Un maestro dijo un día a sus alumnos: mañana van a traer a la escuela una funda de plástico transparente y un saco de patatas. Al día siguiente todos trajeron lo mandado por el maestro.

Éste les dijo: por cada persona que te niegues a perdonar elige una patata, escribe el nombre de la persona y la fecha de la ofensa y colócala en la bolsa de plástico.

Algunas bolsas eran bien pesadas y estaban bien llenas.

Luego les dijo: tienen que llevar la bolsa a todos los sitios que vayan y por la noche la colocan junto a su cama.

La molestia e incomodidad de cargar cada día con la bolsa de patatas con sus nombres y fechas les hizo sentir el peso espiritual que llevaban dentro. La condición de las patatas con el tiempo empeoró y olían a muerto.

Este es el precio que pagamos por almacenar rencores y odios. A veces pensamos que el perdón es un regalo que hacemos a los otros; no, es un regalo que nos hacemos a nosotros.

El domingo pasado, en el sermón de las bienaventuranzas, Jesús nos hablaba de la felicidad. y decíamos que la felicidad es elegir bien, elegir a Dios, apoyar nuestra debilidad en Dios.

Hoy, hemos proclamado la continuación en Lucas 6: 27-38.

"Yo les digo a ustedes que me escuchan: amen a sus enemigos, hagan el bien a los que los odian, bendigan a los que les maldicen, oren por los que los maltratan"…

Vaya medicina nos receta el Señor. No vayan a comprarla a la farmacia. Esta es la felicidad sin anestesia y sin éxtasis.

"Amen a sus enemigos". ¿Quién es mi enemigo?

Jesús nos lo dice: el que me odia, el que me maltrata, el que me maldice, el que no me habla, el que escupe cuando pasa a mi lado…

Hoy, vamos a poner nombre a nuestros enemigos. Los enemigos los tenemos siempre cerca de nosotros. Están con nosotros, tienen nombre y apellidos familiares.

No has traído la bolsa de plástico y las patatas para escribir el nombre pero yo sé que es un gran peso llevar en el corazón el peso de los enemigos.

¿Puedo perdonar y amar al padre que me abandonó?

¿Puedo perdonar a ese jefe que me insulta y explota?

¿Puedo perdonar a ese hermano que se quedó con mi herencia?

¿Puedo perdonar? No, nunca.

El amor no es un sentimiento dulce, ni un éxtasis.

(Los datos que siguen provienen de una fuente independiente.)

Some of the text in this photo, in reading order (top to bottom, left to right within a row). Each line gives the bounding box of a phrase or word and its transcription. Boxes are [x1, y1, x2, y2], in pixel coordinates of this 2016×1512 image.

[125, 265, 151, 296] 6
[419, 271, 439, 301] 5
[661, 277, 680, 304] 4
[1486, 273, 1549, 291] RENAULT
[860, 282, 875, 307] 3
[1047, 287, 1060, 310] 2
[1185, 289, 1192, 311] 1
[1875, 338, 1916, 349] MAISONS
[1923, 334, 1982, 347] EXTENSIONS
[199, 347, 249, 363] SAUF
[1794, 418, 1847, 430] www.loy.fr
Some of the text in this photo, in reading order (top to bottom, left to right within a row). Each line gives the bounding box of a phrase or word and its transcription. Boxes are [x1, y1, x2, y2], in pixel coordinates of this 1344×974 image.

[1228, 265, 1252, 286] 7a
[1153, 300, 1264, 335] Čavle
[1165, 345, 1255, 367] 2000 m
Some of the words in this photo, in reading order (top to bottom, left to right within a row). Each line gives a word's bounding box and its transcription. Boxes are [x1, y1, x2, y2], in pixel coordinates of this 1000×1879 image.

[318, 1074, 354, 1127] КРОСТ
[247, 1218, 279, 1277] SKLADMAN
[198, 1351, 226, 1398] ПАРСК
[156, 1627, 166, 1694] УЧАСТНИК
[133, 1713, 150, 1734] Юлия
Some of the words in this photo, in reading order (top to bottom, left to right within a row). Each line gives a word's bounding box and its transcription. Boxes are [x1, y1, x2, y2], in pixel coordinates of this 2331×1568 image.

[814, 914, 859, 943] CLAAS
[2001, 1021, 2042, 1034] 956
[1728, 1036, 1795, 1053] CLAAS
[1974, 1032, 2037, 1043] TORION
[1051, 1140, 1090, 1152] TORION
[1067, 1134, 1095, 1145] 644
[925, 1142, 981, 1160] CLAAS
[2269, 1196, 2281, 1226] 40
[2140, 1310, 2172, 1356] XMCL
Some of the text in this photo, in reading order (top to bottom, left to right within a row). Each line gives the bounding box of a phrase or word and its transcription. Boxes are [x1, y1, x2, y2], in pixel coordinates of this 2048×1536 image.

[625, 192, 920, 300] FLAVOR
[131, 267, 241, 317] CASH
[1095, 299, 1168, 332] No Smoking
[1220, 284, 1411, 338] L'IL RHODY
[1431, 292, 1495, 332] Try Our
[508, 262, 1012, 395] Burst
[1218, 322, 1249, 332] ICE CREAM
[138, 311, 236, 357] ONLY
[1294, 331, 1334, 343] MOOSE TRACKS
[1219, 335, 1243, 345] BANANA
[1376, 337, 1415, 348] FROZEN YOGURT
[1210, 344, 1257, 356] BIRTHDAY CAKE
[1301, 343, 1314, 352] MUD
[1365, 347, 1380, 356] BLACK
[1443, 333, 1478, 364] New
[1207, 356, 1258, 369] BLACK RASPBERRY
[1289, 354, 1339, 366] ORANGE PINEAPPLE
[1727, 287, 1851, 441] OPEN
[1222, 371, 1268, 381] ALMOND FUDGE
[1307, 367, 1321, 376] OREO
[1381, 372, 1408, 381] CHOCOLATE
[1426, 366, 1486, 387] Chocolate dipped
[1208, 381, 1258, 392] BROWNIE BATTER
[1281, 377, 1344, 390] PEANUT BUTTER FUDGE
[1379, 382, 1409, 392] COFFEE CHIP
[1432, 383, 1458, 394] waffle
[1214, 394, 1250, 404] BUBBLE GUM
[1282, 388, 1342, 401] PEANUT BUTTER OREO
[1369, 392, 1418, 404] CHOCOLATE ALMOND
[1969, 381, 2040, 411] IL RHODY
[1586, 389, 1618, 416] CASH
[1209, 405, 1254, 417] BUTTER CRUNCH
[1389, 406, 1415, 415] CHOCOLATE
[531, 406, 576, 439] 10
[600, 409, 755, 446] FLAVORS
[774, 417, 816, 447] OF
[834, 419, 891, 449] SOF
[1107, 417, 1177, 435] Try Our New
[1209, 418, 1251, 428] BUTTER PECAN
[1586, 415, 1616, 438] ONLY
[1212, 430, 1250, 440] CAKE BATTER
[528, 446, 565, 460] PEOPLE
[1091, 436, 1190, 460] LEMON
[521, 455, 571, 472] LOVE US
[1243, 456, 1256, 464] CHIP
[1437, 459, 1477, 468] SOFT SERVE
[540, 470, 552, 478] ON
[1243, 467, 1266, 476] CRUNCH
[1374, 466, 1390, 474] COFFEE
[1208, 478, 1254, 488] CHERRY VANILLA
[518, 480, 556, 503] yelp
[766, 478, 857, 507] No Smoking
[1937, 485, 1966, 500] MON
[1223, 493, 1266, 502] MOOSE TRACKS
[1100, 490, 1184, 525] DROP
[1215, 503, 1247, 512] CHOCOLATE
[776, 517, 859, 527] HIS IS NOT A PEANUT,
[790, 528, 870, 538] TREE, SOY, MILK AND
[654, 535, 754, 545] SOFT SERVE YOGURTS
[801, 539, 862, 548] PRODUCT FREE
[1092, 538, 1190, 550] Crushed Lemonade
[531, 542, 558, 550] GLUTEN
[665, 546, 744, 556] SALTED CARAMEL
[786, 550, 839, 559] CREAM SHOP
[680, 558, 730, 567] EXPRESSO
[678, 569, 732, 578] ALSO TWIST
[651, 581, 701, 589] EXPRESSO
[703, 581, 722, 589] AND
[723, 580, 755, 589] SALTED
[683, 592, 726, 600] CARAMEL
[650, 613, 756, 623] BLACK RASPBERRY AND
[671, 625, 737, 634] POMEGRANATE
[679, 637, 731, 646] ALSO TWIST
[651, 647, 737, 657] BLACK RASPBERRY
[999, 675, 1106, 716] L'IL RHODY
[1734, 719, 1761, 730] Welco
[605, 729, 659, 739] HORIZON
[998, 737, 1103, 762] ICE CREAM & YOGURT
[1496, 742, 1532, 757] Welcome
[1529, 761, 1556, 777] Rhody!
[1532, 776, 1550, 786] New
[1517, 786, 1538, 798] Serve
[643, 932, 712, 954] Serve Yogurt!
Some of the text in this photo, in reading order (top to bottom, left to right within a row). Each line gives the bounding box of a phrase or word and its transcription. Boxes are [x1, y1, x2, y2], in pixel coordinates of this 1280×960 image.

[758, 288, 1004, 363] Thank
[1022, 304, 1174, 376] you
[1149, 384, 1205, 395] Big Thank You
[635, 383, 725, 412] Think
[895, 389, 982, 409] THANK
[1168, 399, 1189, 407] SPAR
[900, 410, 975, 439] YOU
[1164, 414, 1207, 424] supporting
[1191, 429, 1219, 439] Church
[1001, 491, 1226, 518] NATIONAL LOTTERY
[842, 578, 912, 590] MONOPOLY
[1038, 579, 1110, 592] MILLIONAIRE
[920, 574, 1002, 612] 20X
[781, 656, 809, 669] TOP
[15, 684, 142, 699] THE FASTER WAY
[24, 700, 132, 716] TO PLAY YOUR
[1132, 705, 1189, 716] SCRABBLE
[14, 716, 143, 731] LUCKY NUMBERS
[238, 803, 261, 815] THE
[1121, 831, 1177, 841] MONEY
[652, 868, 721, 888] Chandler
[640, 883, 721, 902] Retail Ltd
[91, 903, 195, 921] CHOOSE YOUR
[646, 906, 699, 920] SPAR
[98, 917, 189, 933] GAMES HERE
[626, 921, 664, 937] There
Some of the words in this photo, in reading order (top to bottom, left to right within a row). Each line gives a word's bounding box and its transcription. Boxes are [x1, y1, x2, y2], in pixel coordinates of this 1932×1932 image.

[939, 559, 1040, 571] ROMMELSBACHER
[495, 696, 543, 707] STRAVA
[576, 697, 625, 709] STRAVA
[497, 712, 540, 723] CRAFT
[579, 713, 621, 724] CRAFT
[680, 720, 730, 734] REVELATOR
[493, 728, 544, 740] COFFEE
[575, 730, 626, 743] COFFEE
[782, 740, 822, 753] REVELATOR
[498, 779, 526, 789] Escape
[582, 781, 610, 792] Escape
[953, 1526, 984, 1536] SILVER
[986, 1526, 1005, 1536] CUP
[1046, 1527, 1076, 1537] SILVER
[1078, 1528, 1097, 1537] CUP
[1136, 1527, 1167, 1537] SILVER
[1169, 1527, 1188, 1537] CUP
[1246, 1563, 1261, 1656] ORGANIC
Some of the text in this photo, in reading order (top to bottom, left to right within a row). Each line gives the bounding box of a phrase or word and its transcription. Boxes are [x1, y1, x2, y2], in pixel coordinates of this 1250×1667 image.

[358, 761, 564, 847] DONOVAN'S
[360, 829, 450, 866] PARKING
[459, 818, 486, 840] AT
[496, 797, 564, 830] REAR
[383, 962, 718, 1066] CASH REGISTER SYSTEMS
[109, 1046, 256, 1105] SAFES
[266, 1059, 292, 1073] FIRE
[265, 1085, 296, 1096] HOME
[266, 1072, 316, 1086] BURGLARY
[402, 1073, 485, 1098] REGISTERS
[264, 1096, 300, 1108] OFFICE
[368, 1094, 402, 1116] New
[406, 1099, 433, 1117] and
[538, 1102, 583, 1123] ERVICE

"Amar a los enemigos, hacer el bien a los que me odian…" no es posible, no está escrito en los genes . Esto sólo está escrito en el Libro de Jesús, esto sólo lo hace Jesús y los que tienen el espíritu de Jesús. Esto sólo se aprende mirando al crucificado.

Amar, perdonar, a mi marido, mujer, hijos, hermanos, jefes, vecinos…no es una tarea humana, es una tarea sobrenatural.

Dios perdona, ama siempre y las lágrimas de Dios en la cruz son las lágrimas por ti y por mi cuando nos negamos a amar.

El amor no es un sentimiento dulce, no es calor ni vibración, no es éxtasis ni fuego loco, ese es siempre el amor imposible.

El amor es actuar, es voluntad, es decisión, es elección. Y aunque sentir amor sea imposible, elegir el amor siempre es posible para los que aman a Dios.

El evangelio de Jesús es una llamada a hacer lo extraordinario.

"Si aman a los que les aman, ¿qué mérito tienen? Eso lo hace todo el mundo.

El evangelio de Jesús nos exige a los que lo escuchamos que seamos diferentes, que vivamos en otra onda, que imitemos al maestro, que hagamos, con su poder, el gesto imposible del amor y del perdón.

Jesús no nos promete que nuestro enemigo se va a transformar en nuestro amigo.

Y no olvide que usted tiene su lista pero que también está en la lista de alguien.

Usted también ha herido a alguien y necesita su perdón.

Y todos estamos en la lista de Dios.

Y como Dios es fantástico y siempre hace lo extraordinario, hoy ha sido perdonado.

Dios siempre perdona, esta es la cara verdadera del evangelio.